As we approach the October 1 deadline that will end the free care pool as we know it, it becomes increasingly important that the newly insured understand the “ins and outs” of using health insurance – in particular the concept and use of a health care home, the importance of maintaining their insurance coverage and, in some cases, the financial consequences of using an emergency room for non-emergent care.
Community health centers are playing a major role in signing residents up for the state’s new Commonwealth Care plans. As a result, we have taken some time this summer to assess the intake and enrollment experiences of health centers during this important phase of implementation.
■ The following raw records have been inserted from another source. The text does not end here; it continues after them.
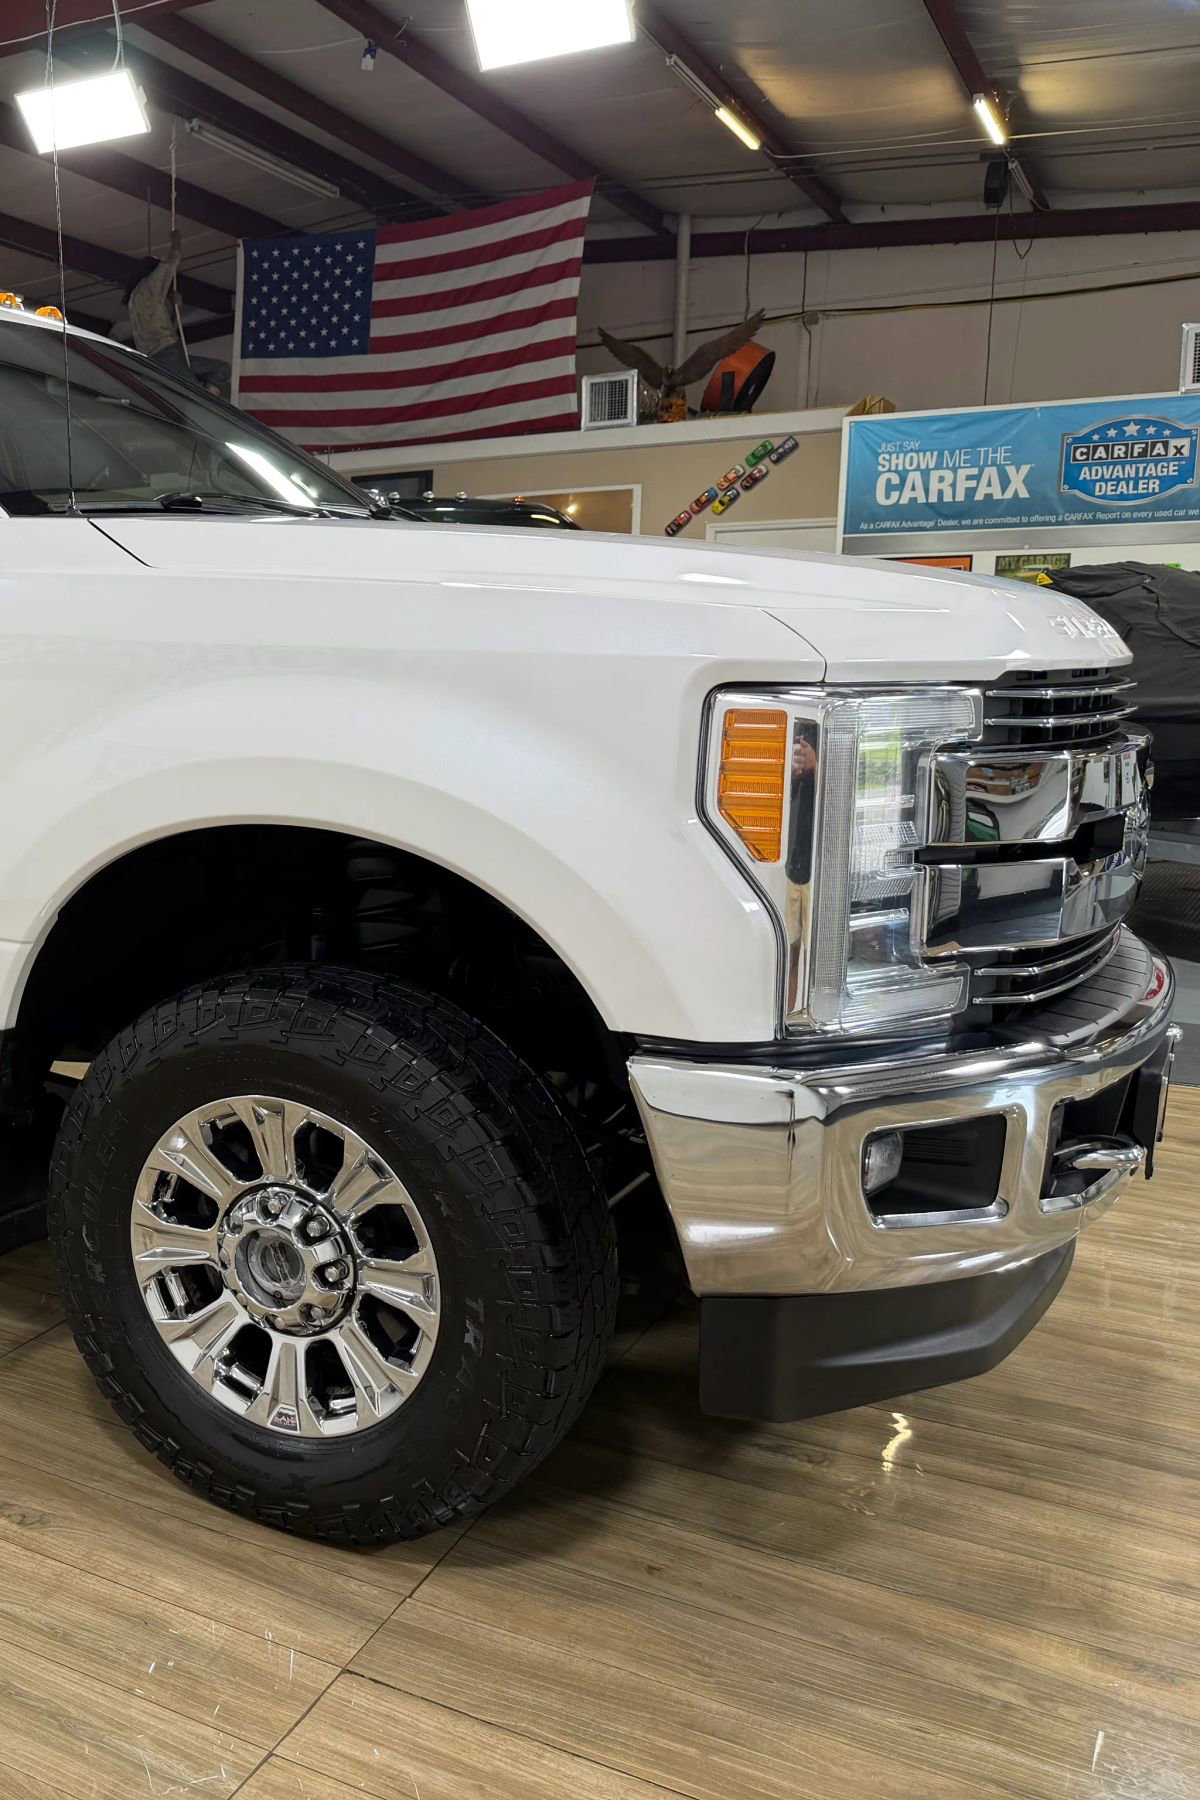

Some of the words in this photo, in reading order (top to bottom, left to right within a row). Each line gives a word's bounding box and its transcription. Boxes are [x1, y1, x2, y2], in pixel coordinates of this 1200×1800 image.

[880, 442, 900, 453] JUST
[903, 440, 920, 451] SAY
[1075, 442, 1186, 461] CARFAX
[878, 451, 938, 472] SHOW
[943, 449, 972, 468] ME
[978, 446, 1013, 465] THE
[1079, 461, 1179, 481] ADVANTAGE
[875, 464, 1031, 506] CARFAX
[1095, 479, 1161, 496] DEALER
[875, 520, 900, 529] CARFAX
[984, 515, 1020, 525] committed
[1021, 515, 1029, 523] to
[1029, 514, 1056, 524] offering
[1096, 511, 1120, 521] Report
[1133, 510, 1152, 520] every
[1154, 509, 1172, 517] used
[1174, 508, 1186, 516] car
[999, 556, 1016, 570] MY
[1020, 554, 1068, 570] GARAGE
Initial findings seem to indicate that some of the newly insured have questions about how health insurance works, are not familiar with the importance and goals of primary care and are confused about when to go to the emergency room and when to see their doctor.
This groundbreaking experiment in health care reform is a huge transition for individuals who historically have been excluded from the insurance market.

Recent reports have shown that those who have never before had responsibility for tracking and using their own insurance policies really don’t know how it all works (newly graduated college students for example).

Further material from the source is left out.